Ainda é cedo para entender a real dimensão de uma derrota tão impactante
numa semifinal de Copa do Mundo disputada em casa. Mas nunca é tarde
para o País analisar o passado e não incorrer no profundo erro que
cometeu em 1950 após perder o Mundial em pleno Maracanã: a crença de que
a culpa para o fracasso em uma partida de futebol se deve a uma
fragilidade, a uma inferioridade, a um pecado original intrínseco à
identidade brasileira. O que ocorreu nestes 64 anos que separam as duas
hecatombes prova, com demonstrações indiscutíveis, que o Brasil e os
brasileiros precisam livrar-se de uma vez por todas do que o gênio
Nelson Rodrigues classificou como complexo de vira-latas.
UNIÃO
Brasileiros de todas as cores, credos e classes uniram-se para
fazer desta uma das maiores Copas de todos os tempos
Os profundos avanços econômicos, sociais,
tecnológicos e culturais brasileiros nas últimas seis décadas são
suficientes para aniquilar na raiz qualquer ilação sobre uma pretensa
precariedade da alma nacional. De nação puramente agrária, em um lento
processo de industrialização e absolutamente desigual, o Brasil
transformou-se em uma das maiores economias do mundo, numa das mais
avançadas democracias do planeta, dono de um parque tecnológico pujante e
ator importante no cenário geopolítico regional e global. Trata-se
ainda, é verdade, de um país em construção, com uma série de duros e
complexos desafios a enfrentar. Mas é inegável que o Brasil de 2014 não
parece nem sombra daquele de seis décadas atrás – e isso não é obra de
vira-latas preguiçosos e desleixados. Creditar a derrota de terça-feira a
uma suposta supremacia moral alemã, ou a vícios de um povo indolente, é
jogar fora mais de 50 anos de trabalho suado, de história vitoriosa
confirmada por uma infinidade de estatísticas. Até mesmo no campo – hoje
de gosto amargo – do futebol. Desde 1963, as duas seleções se
enfrentaram 22 vezes. O Brasil venceu 12 confrontos e empatou cinco. Já
os alemães venceram apenas cinco jogos, incluindo a goleada do Mineirão.

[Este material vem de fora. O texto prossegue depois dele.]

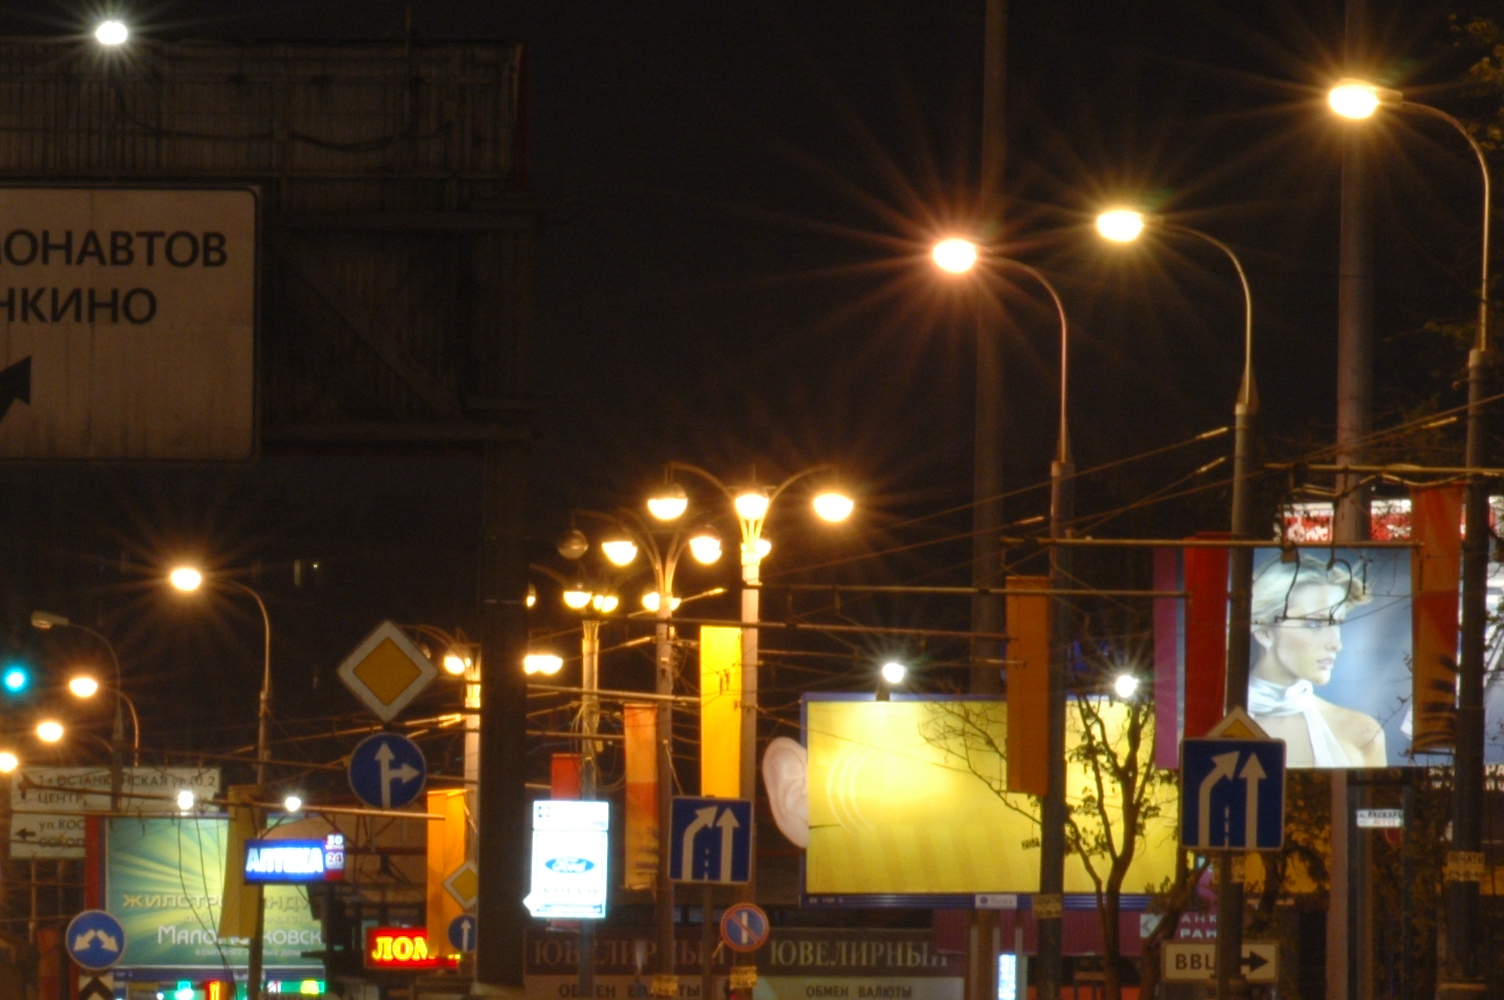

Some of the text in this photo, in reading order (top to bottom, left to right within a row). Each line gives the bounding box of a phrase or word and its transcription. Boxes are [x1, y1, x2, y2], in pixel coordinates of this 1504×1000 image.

[56, 773, 168, 787] ОСТАНКНСКАЯ
[806, 985, 913, 999] ОБМЕН ВАЛЮТЫ

O vira-latismo, apesar de antigo, é
persistente. Volta e meia uma espécie de surto toma conta do País e,
olhando-se de longe, tem-se a impressão de que o Brasil está sempre
prestes a sucumbir a uma inerente incapacidade. Foi assim nos meses que
antecederam a Copa do Mundo. Até o início da competição, uma vaga de
pessimismo espalhou-se por todos os cantos. Os estádios não ficariam
prontos, os aeroportos iriam colapsar, a violência tornaria a vida dos
estrangeiros um inferno, os protestos e greves paralisariam a economia. O
clima era tão ruim que até mesmo o Comitê Olímpico Internacional se
dizia preocupado com a capacidade de o País organizar um evento da
magnitude da Olimpíada.
DEU CERTO
O risco de um apagão no sistema de transportes se mostrou infundado
e milhares de estrangeiros cruzaram o país sem problemas
Não foi preciso muito tempo para a
realidade se impor. Em menos de uma semana de Mundial, brasileiros,
turistas, jornalistas e mesmo quem estava do outro lado do mundo já
começavam a considerar esta como a melhor Copa de todos os tempos.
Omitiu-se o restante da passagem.